WHAT YOU SHOULD DO
Leaving out all pictures, retype the records exactly.

THE DATA
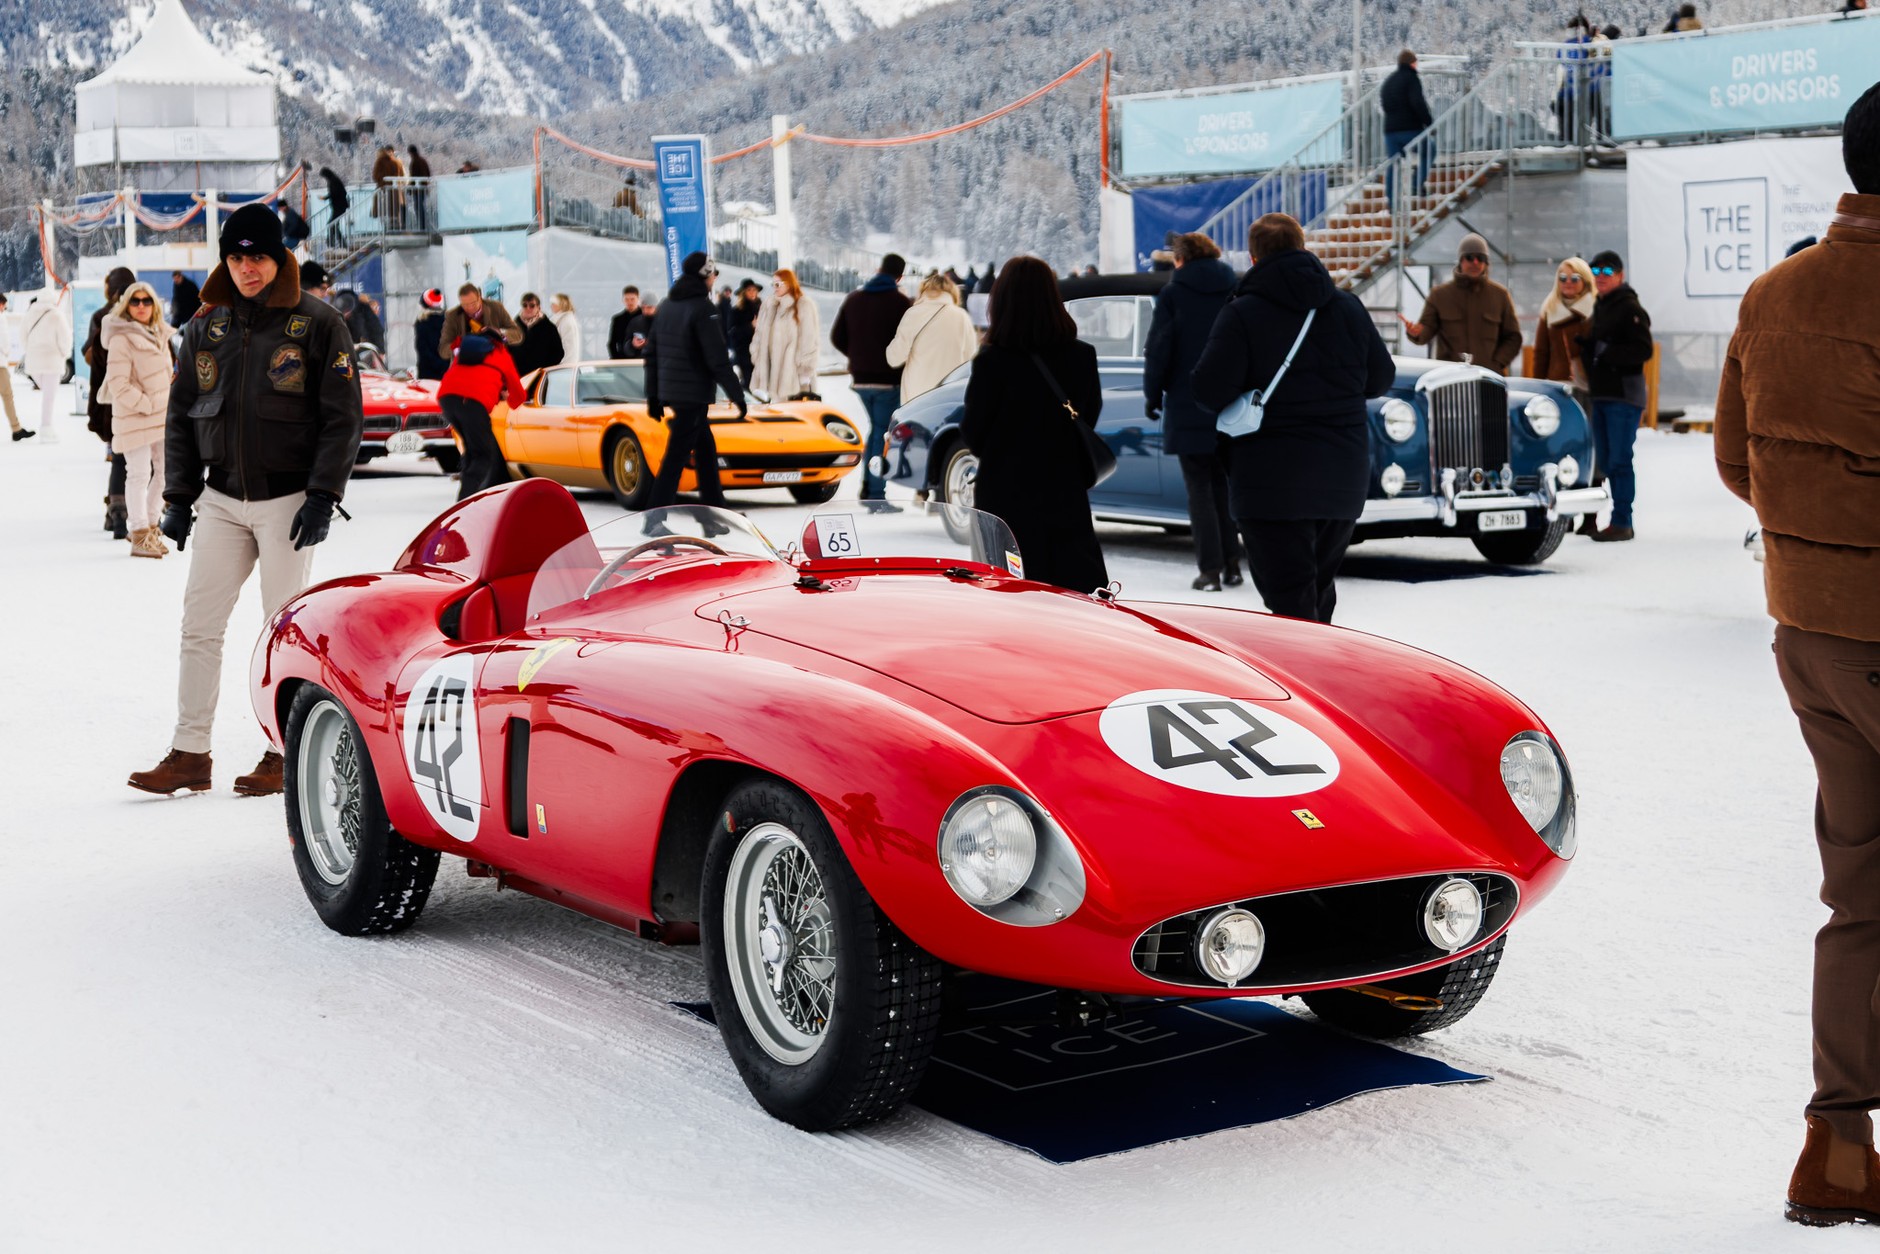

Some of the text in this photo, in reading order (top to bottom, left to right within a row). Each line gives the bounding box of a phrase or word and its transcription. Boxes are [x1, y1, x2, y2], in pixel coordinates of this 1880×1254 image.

[1731, 48, 1818, 79] DRIVERS
[1709, 74, 1841, 109] & SPONSORS
[1198, 111, 1254, 133] DRIVERS
[1700, 205, 1751, 233] THE
[1704, 243, 1752, 272] ICE
[828, 532, 851, 553] 65
[414, 674, 475, 823] 42
[1146, 701, 1327, 780] 42
[1012, 1019, 1179, 1063] ICE

ANSWER
Some of the text in this photo, in reading order (top to bottom, left to right within a row). Each line gives the bounding box of a phrase or word and its transcription. Boxes are [x1, y1, x2, y2], in pixel coordinates of this 1880×1254 image.

[1731, 48, 1818, 79] DRIVERS
[1709, 74, 1841, 109] & SPONSORS
[1198, 111, 1254, 133] DRIVERS
[1700, 205, 1751, 233] THE
[1704, 243, 1752, 272] ICE
[828, 532, 851, 553] 65
[414, 674, 475, 823] 42
[1146, 701, 1327, 780] 42
[1012, 1019, 1179, 1063] ICE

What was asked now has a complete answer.